Posted on 14 May 2013 by Luke Jones

(This blog brought to you by Atlantic Remodeling. Visit www.atlanticremodeling.com to learn about their Red Cent Guarantee!)

BALTIMORE — With Memorial Day still almost two weeks away, the Orioles appear on the verge of using their 10th starting pitcher of the season as Jair Jurrjens appears to be next in line to take the ball for a shorthanded rotation.

The former Atlanta Braves right-hander will have his contract selected to make his club debut against the Tampa Bay Rays on Saturday afternoon, according to Ken Rosenthal of FOX Sports. Manager Buck Showalter predictably wouldn’t confirm Jurrjens to get the ball, only labeling him as “an option” to make the start.

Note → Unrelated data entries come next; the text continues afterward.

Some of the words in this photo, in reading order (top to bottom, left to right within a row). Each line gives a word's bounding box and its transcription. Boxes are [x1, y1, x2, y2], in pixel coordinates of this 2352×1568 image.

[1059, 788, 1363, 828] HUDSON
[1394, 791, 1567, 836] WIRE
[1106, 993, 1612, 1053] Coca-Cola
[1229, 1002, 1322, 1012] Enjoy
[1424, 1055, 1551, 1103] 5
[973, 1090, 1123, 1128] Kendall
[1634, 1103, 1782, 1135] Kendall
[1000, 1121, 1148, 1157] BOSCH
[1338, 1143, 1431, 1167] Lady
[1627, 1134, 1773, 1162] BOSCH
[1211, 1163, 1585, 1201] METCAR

Signed to a minor-league contract at the start of spring training, Jurrjens became the obvious candidate when the Orioles elected to recall relief pitcher Alex Burnett to take injured left-handed starter Wei-Yin Chen’s place on the 25-man roster. Right-hander Steve Johnson would have been eligible to be recalled — waiving the 10-day waiting period for being optioned last Saturday — had he been taking the place of a player going to the disabled list.

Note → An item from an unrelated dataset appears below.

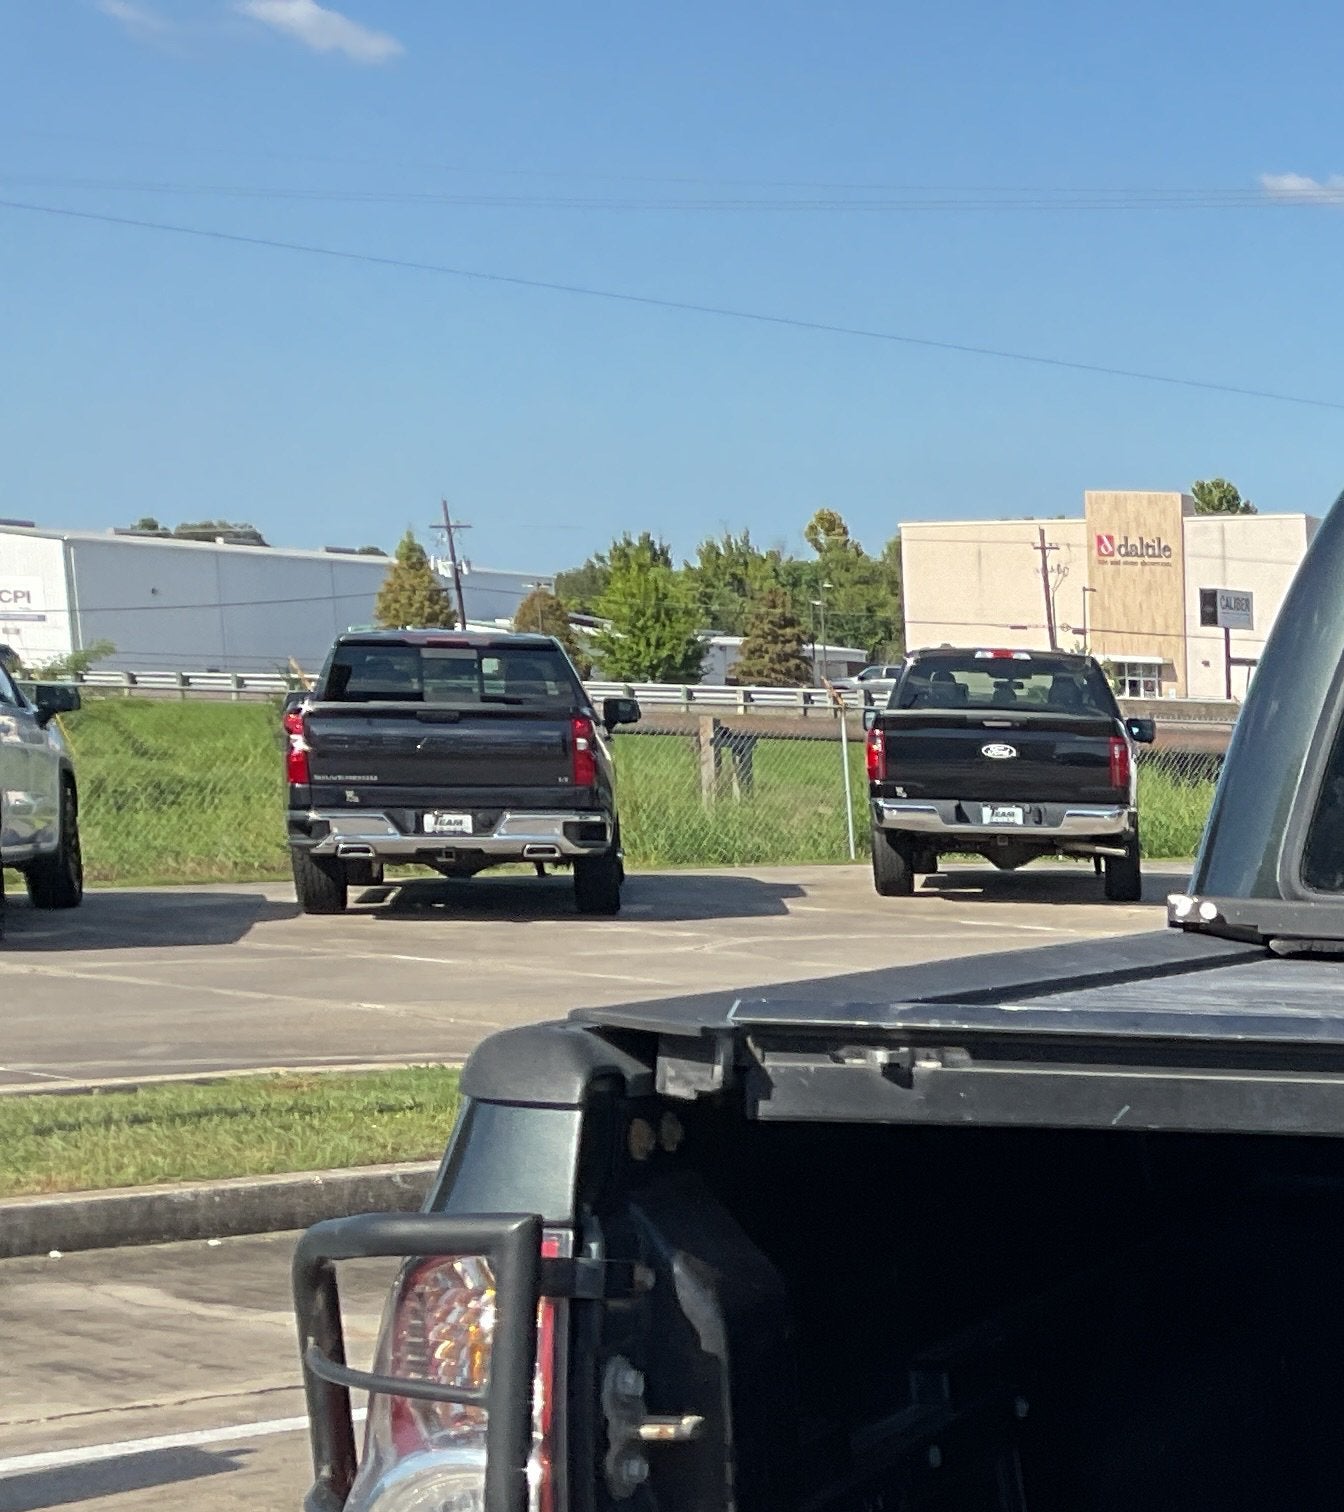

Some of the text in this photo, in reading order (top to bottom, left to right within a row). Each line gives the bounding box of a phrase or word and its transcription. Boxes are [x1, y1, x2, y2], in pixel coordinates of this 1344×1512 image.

As part of his agreement upon signing with Baltimore, Jurrjens had a June 15 opt-out clause that allowed him to become a free agent had the club not promoted him to the 25-man roster by then. In seven starts for Triple-A Norfolk, the 27-year-old is 4-1 with a 3.14 ERA in 51 2/3 innings. He has allowed 44 hits, struck out 36, and walked 15 batters in his work with the Tides.

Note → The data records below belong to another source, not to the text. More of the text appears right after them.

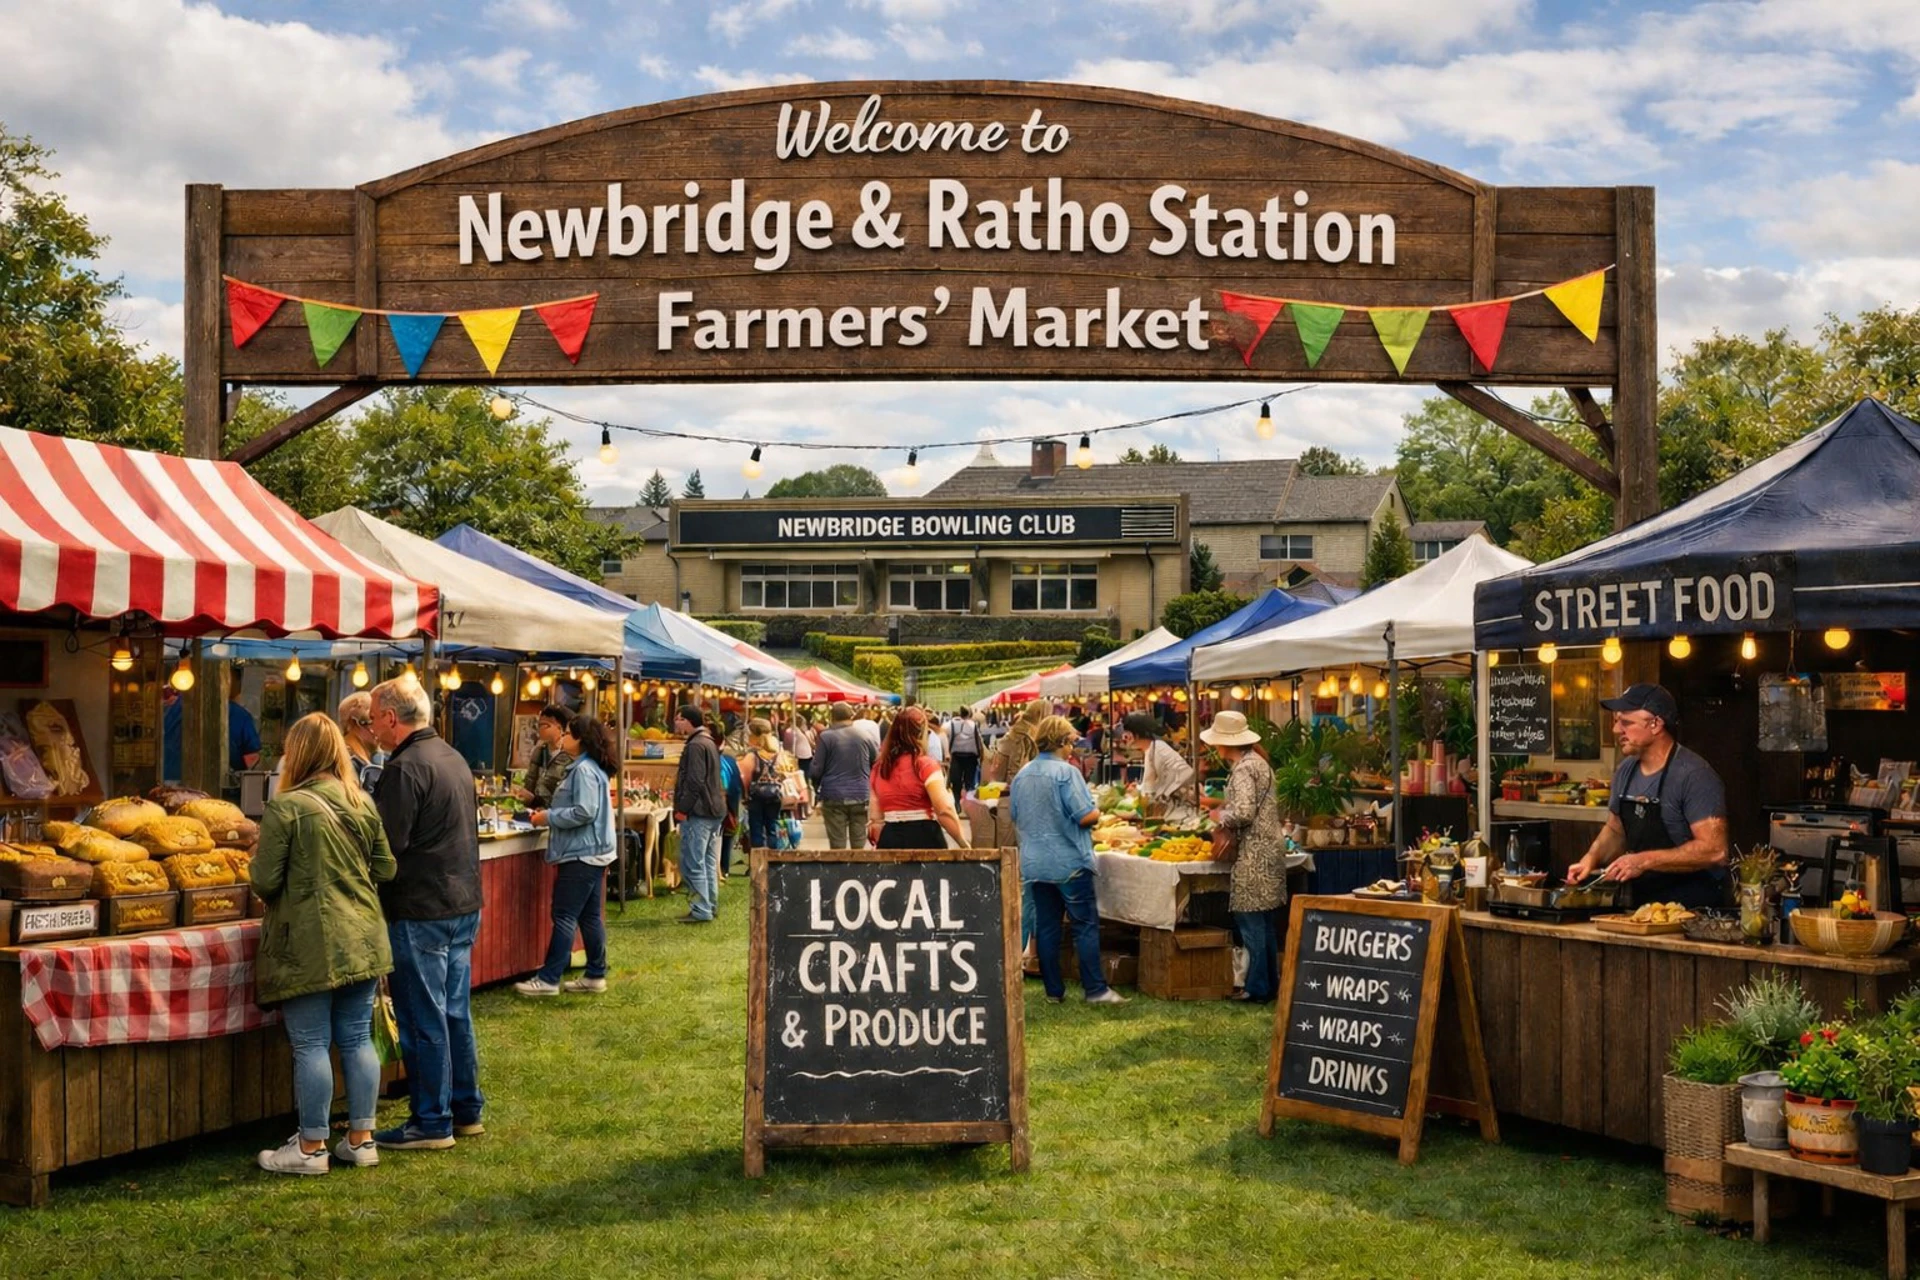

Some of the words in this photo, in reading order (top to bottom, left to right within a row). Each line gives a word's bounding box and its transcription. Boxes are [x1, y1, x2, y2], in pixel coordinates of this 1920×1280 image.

[775, 94, 1008, 160] Welcome
[1020, 108, 1070, 154] to
[458, 178, 834, 271] Newbridge
[850, 180, 905, 250] &
[928, 177, 1130, 254] Ratho
[1148, 184, 1396, 265] Station
[656, 286, 951, 352] Farmers’
[968, 286, 1211, 352] Market
[777, 516, 905, 538] NEWBRIDGE
[911, 515, 1012, 536] BOWLING
[1018, 514, 1076, 535] CLUB
[1534, 580, 1662, 632] STREET
[1674, 571, 1775, 623] FOOD
[809, 878, 965, 931] LOCAL
[798, 940, 978, 993] CRAFTS
[1314, 925, 1414, 962] BURGERS
[1326, 974, 1390, 1005] WRAPS
[780, 1009, 808, 1049] &
[824, 1003, 988, 1047] PRODUCE
[1319, 1015, 1383, 1048] WRAPS
[1308, 1056, 1389, 1096] DRINKS

Jurrjens was a National League All-Star just two years ago when he went 13-6 with a 2.96 ERA in 23 starts for Atlanta, but he was demoted to the minor leagues last year as he dealt with a strained groin and finished 3-4 with a 6.89 ERA. In his seventh major league season, Jurrjens has also dealt with knee issues, which was one of the reasons the Orioles opted not to sign the right-hander to a major-league contract this offseason.

The Braves did not offer Jurrjens a contract last offseason as he became a free agent after going 50-36 with a 3.58 ERA in five years with Atlanta.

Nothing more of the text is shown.